Fig. 7: Altered signaling in ASIC1a^−/− mice at the level of the hypothalamus and pituitary, but not the thyroid.

a, c, f, g mRNA levels quantified by RT-qPCR. b, d, e activity or quantity of proteins. In the RT-qPCR experiments, the gene expression levels were normalized to the mean expression of a given gene in WT at ZT1. a Tshb mRNA levels in pituitary pars distalis (PD); n = 4–5 animals per condition. b Activity of TSH in PD at the indicated time points, expressed as mU TSH/g of protein, n = 6–9 animals per condition. c Prl mRNA levels in the PD of the pituitary, n = 4–5 animals per condition. d Activity of TSH, T3 and T4 in serum at the indicated time points; n = 5–9 animals per condition. e Activity of TSH in pituitary pars tuberalis (PT) at the indicated time points, expressed as mU TSH/g protein; n = 6–9 animals per condition. f RT-qPCR analysis of Tshb expression in mouse PT; n = 6–7 animals per condition. g mRNA levels of Dio2 and Dio3 in MBH, n = 6–9 animals per condition. **p < 0.01; ****, p < 0.0001; WT compared to ASIC1a^−/− at the corresponding ZT; ^#p < 0.05; ^###p < 0.001; ^####p < 0.0001; comparison for a given genotype between the ZT conditions; two-way ANOVA test and Holm-Sidak’s post hoc test.

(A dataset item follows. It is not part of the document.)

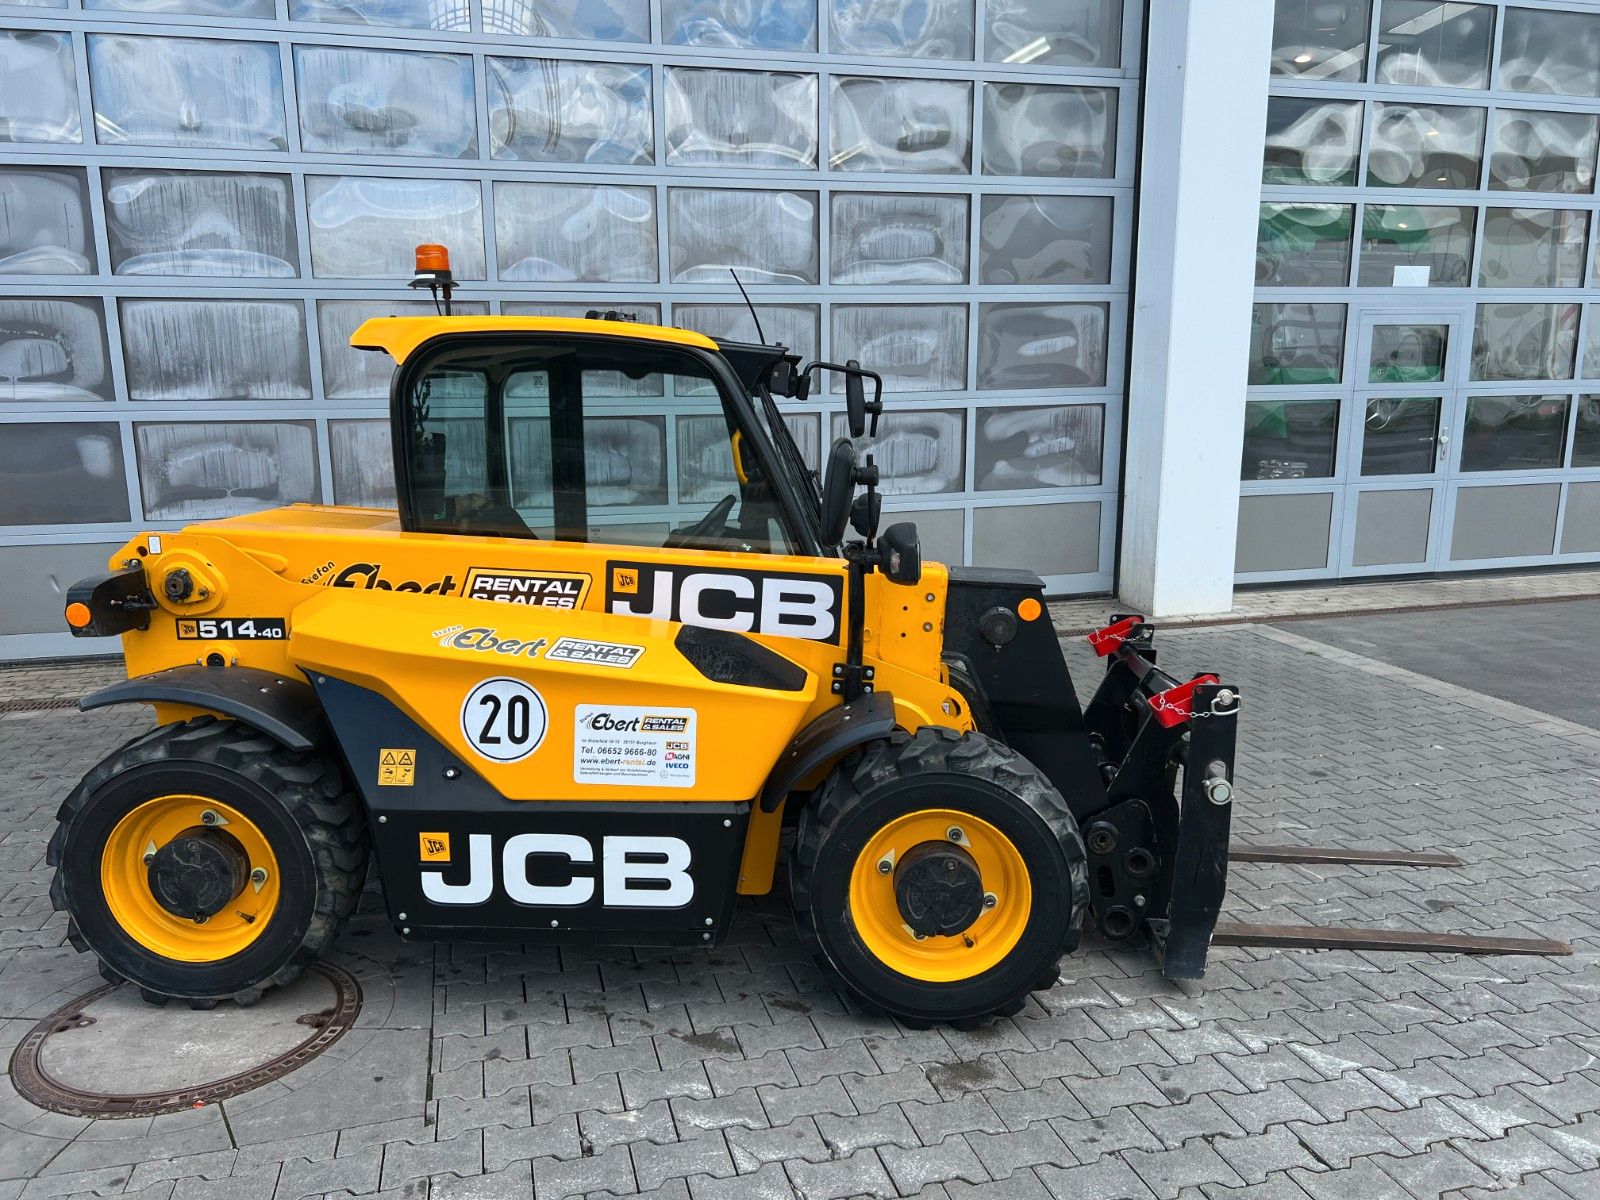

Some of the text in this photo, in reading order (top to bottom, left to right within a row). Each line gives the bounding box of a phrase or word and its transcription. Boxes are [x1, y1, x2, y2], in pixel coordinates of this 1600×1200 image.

In d, the 2-way ANOVA analysis indicated that the genotype did not add to the variation, while the ZT did (p < 0.05 for TSH, and p < 0.0001 for T3 and T4). Statistical analysis was done on log2-transformed data, except for d where absolute values were used. Error bars indicate SEM. h Diagram summarizing the conclusions of the current work (created with BioRender). Left zoom, postsynaptic ASIC1a channels are activated by a drop in the pH in the synaptic cleft in PVH under dark conditions, leading to Ca²⁺ influx. The increase in intracellular Ca²⁺ activates the downstream PI3K/Akt/mTOR/CREB signaling pathway. p-CREB regulates the expression of Trh and Prl. Center and right, Neuronal signaling in the SCN and PVH controls TRH release. TRH stimulates the release of TSH from pituitary PD. Increased TSH in the PT increases the expression of DIO2, which promotes the secretion of T3 from the MBH to inhibit the expression of Trh in the PVH. Hypothalamic PRL inhibits PRL secretion in the pituitary. The changes in voluntary activity and body temperature may also depend on PRL. In the ASIC1a^−/− mice, the serum TSH, T3, and T4 activities were not changed. ASIC1a presumably regulates the body temperature by other changes in the hypothalamus, which include changed activity, food intake, and/or metabolism.